BEGIN RECORDED DATA

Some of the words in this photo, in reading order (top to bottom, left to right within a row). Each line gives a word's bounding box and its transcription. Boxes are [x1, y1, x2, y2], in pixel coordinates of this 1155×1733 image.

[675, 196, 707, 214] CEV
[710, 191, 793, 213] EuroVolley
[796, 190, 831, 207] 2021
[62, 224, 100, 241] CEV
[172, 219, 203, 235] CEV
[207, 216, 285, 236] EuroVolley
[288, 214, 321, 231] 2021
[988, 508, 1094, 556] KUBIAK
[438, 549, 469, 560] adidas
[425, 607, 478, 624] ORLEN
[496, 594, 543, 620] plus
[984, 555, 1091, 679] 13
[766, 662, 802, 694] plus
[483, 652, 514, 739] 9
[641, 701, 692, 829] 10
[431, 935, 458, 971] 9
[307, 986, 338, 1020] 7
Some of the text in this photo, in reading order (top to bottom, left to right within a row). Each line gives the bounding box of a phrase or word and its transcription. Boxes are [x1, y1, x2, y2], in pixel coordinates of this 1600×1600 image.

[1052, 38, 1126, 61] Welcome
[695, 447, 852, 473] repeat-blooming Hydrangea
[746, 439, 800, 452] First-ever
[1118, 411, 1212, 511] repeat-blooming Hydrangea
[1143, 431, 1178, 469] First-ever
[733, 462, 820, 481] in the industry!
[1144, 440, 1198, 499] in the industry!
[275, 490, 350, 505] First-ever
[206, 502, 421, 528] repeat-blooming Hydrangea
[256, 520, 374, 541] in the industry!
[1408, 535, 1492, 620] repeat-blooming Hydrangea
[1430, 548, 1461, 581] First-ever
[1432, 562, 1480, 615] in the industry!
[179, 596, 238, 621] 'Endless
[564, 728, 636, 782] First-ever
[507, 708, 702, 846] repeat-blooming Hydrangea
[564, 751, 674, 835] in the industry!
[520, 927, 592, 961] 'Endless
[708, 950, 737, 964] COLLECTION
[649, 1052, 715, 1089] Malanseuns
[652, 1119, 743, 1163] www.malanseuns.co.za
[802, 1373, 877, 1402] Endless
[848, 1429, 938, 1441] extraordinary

END RECORDED DATA

** WHAT IS NEEDED **
Nothing in the entries should be left out; please reproduce them all exactly.

** ANSWER BELOW **
Some of the words in this photo, in reading order (top to bottom, left to right within a row). Each line gives a word's bounding box and its transcription. Boxes are [x1, y1, x2, y2], in pixel coordinates of this 1155×1733 image.

[675, 196, 707, 214] CEV
[710, 191, 793, 213] EuroVolley
[796, 190, 831, 207] 2021
[62, 224, 100, 241] CEV
[172, 219, 203, 235] CEV
[207, 216, 285, 236] EuroVolley
[288, 214, 321, 231] 2021
[988, 508, 1094, 556] KUBIAK
[438, 549, 469, 560] adidas
[425, 607, 478, 624] ORLEN
[496, 594, 543, 620] plus
[984, 555, 1091, 679] 13
[766, 662, 802, 694] plus
[483, 652, 514, 739] 9
[641, 701, 692, 829] 10
[431, 935, 458, 971] 9
[307, 986, 338, 1020] 7
Some of the text in this photo, in reading order (top to bottom, left to right within a row). Each line gives the bounding box of a phrase or word and its transcription. Boxes are [x1, y1, x2, y2], in pixel coordinates of this 1600×1600 image.

[1052, 38, 1126, 61] Welcome
[695, 447, 852, 473] repeat-blooming Hydrangea
[746, 439, 800, 452] First-ever
[1118, 411, 1212, 511] repeat-blooming Hydrangea
[1143, 431, 1178, 469] First-ever
[733, 462, 820, 481] in the industry!
[1144, 440, 1198, 499] in the industry!
[275, 490, 350, 505] First-ever
[206, 502, 421, 528] repeat-blooming Hydrangea
[256, 520, 374, 541] in the industry!
[1408, 535, 1492, 620] repeat-blooming Hydrangea
[1430, 548, 1461, 581] First-ever
[1432, 562, 1480, 615] in the industry!
[179, 596, 238, 621] 'Endless
[564, 728, 636, 782] First-ever
[507, 708, 702, 846] repeat-blooming Hydrangea
[564, 751, 674, 835] in the industry!
[520, 927, 592, 961] 'Endless
[708, 950, 737, 964] COLLECTION
[649, 1052, 715, 1089] Malanseuns
[652, 1119, 743, 1163] www.malanseuns.co.za
[802, 1373, 877, 1402] Endless
[848, 1429, 938, 1441] extraordinary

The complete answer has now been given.